The plant is cultivated best in tropical, subtropical and warm climates overall. That’s why it works best in the southern parts of the US, mostly in Texas and California where it’s grown in both the small farms and in commercial ones.


  • The name lady fingers is new, it originates in the 20th century
  • There are evidence that it was grown in ancient Egypt
  • It’s still the most popular in Africa and Asia minor

Buying Guide

Color is usually the best sign you have at your disposal to figure out how fresh okras are. The pod should be in bright green if it’s fresh and when it’s fully mature they should be about 4 inches long each. They should also be firm and if they feel soft or blemished you should avoid them.

When the okra is to ripe which can happen as well it will have a silky feel to it when touched. Those are to be avoided as well.

Production & Farming in Texas

Okra is grown in the southern and central parts of the state because that’s where the soil and the weather allows for it. For the best yields you should pay special attention to how much sunlight the plant is getting. It should get as much as 8 hours of direct sunlight per day in order to grow successfully.

The soil needs to be prepared for okras and that’s best done by making sure that it’s been worked to be eight to ten inches deep. Compost will also enrich the soil and it’s best to use only organic compost to do so. The soil should also be raked to be leveled and this is best accomplished when the soil is dry.

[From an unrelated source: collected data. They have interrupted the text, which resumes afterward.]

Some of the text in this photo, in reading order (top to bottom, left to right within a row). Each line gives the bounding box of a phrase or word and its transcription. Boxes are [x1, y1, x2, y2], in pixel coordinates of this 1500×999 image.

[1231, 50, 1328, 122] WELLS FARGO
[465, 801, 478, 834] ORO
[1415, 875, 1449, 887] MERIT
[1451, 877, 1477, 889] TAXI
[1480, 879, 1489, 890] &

It should be planted in spring, two or three weeks after the dangers of frost have passed because a frost could kill it. You should also plant to avoid the winter frost by at least two or three months. That’s the only way to make sure your work won’t be in vain.

Okra will produce large flowers about two months after they’ve been planted. The pods will be ready about 4 days later and that’s when they should be picked off. It’s best to pick them every two days to allow all pods to reach maturity over time.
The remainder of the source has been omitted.